Breast cancer continues to be a leading cause of cancer-related deaths among women globally, with cellular senescence having a complex role in its progression. Senescence is linked to chronic inflammation via the senescence-associated secretory phenotype (SASP). The cyclic guanosine monophosphate-adenosine monophosphate (cGMP-AMP) synthase (cGAS)-stimulator of interferon genes (STING) pathway, activated by cytoplasmic chromatin fragments (CCFs) marked by histone modifications (H3K27me3 and H3K9me3), is crucial for SASP production. This study investigates the potential of a natural flavonoid, Chrysin, as a senomorphic agent that targets these CCF markers to reduce inflammation in senescent breast cancer cells.

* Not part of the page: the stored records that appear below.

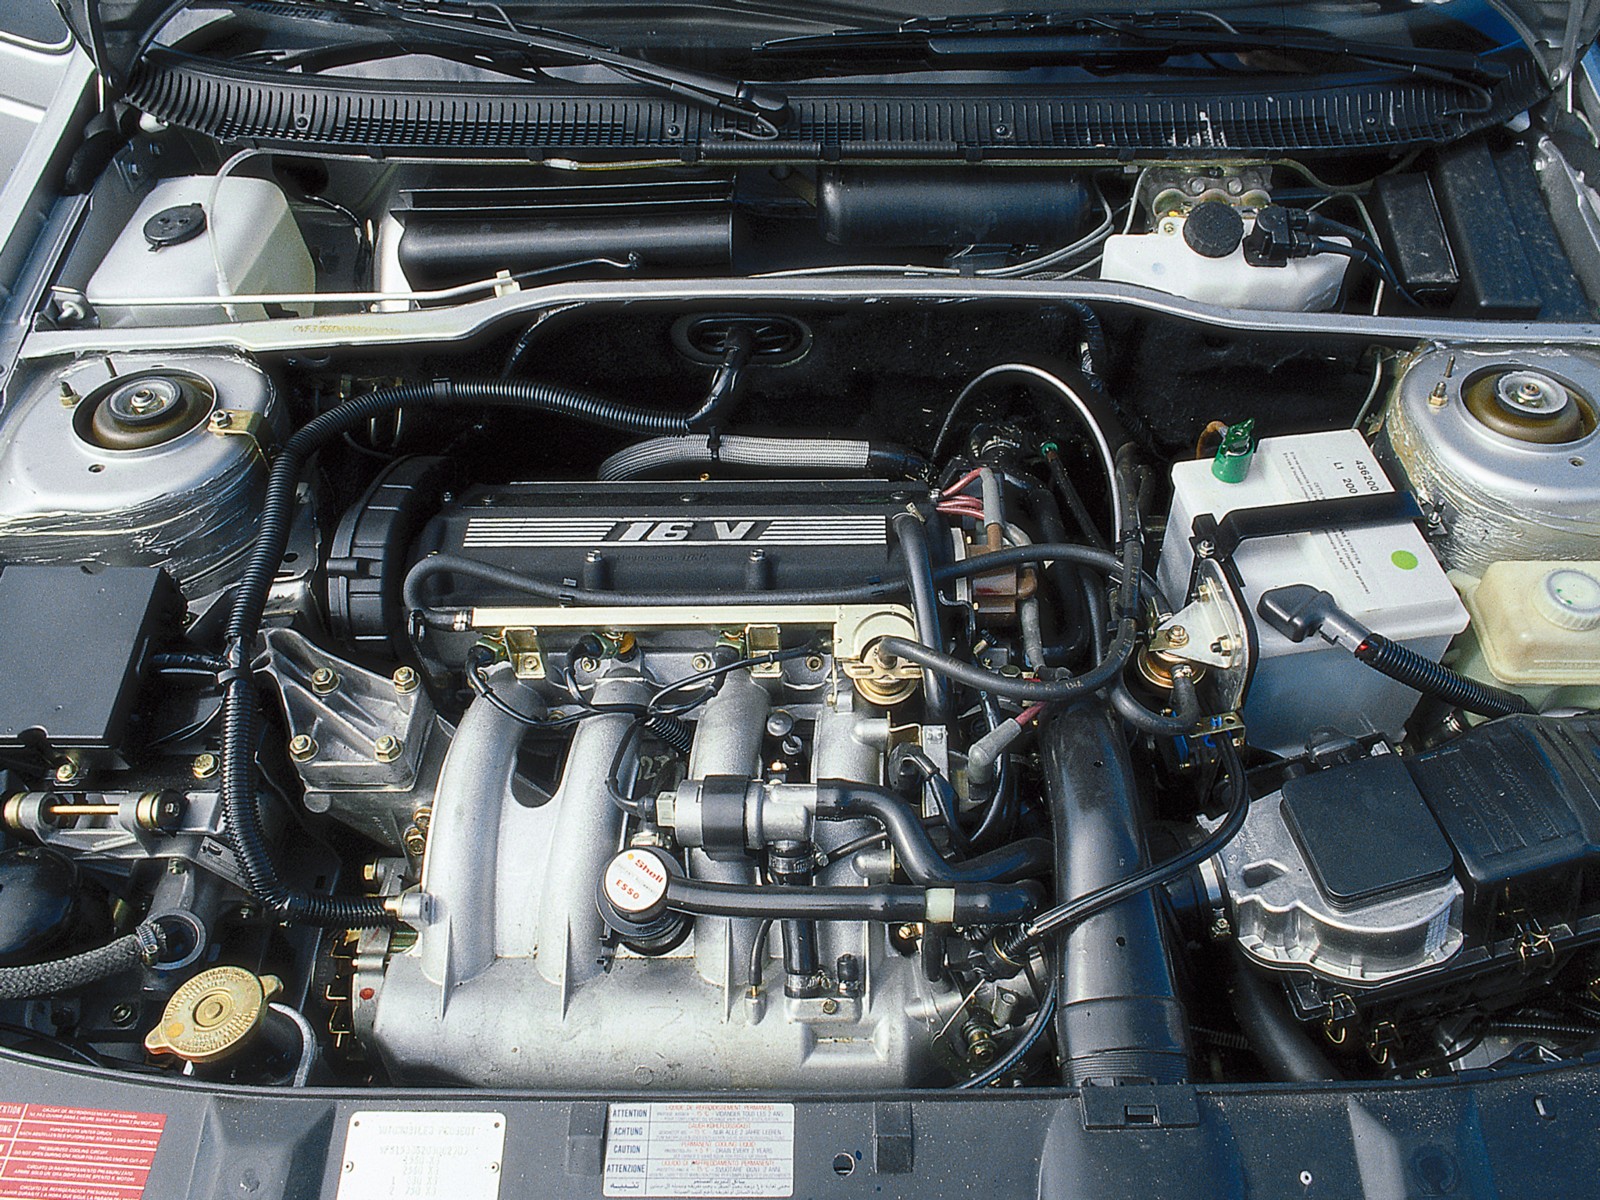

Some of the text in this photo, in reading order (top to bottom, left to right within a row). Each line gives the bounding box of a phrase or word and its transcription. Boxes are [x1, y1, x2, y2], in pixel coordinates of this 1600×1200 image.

[1355, 459, 1380, 492] 436200
[1342, 477, 1358, 494] 200
[618, 521, 756, 541] 16 V
[634, 859, 664, 883] Shell
[615, 879, 640, 900] ESSO
[612, 1109, 648, 1118] ATTENTION
[614, 1127, 643, 1136] ACHTUNG
[614, 1145, 641, 1154] CAUTION
[606, 1164, 645, 1173] ATTENZIONE

We induced senescence in MDA-MB-231 and MCF-7 cells using doxorubicin and analyzed the expression levels of inflammatory cytokines IL-6 and IL-8 after treatment with various concentrations of Chrysin through qRT-PCR. Western blotting and immunofluorescence revealed significantly reduced CCF markers H3K9me3 and H3K27me3, along with decreased STING phosphorylation. Notably, Chrysin did not change the expression of senescent markers p16 or p21. Additionally, Chrysin effectively inhibited SASP-driven breast cancer cell invasion and colony formation, highlighting its potential as both an anti-inflammatory agent and a senomorphic drug. Chrysin notably decreases H3K9me3 and H3K27me3-marked CCF levels, suppressing cGAS-STING pathway activation and reducing IL-6 and IL-8 levels. Our findings indicate that Chrysin represents a promising therapeutic strategy, targeting the epigenetic landscape of CCFs and modulating the SASP to mitigate the harmful effects of senescent cells in the tumor microenvironment.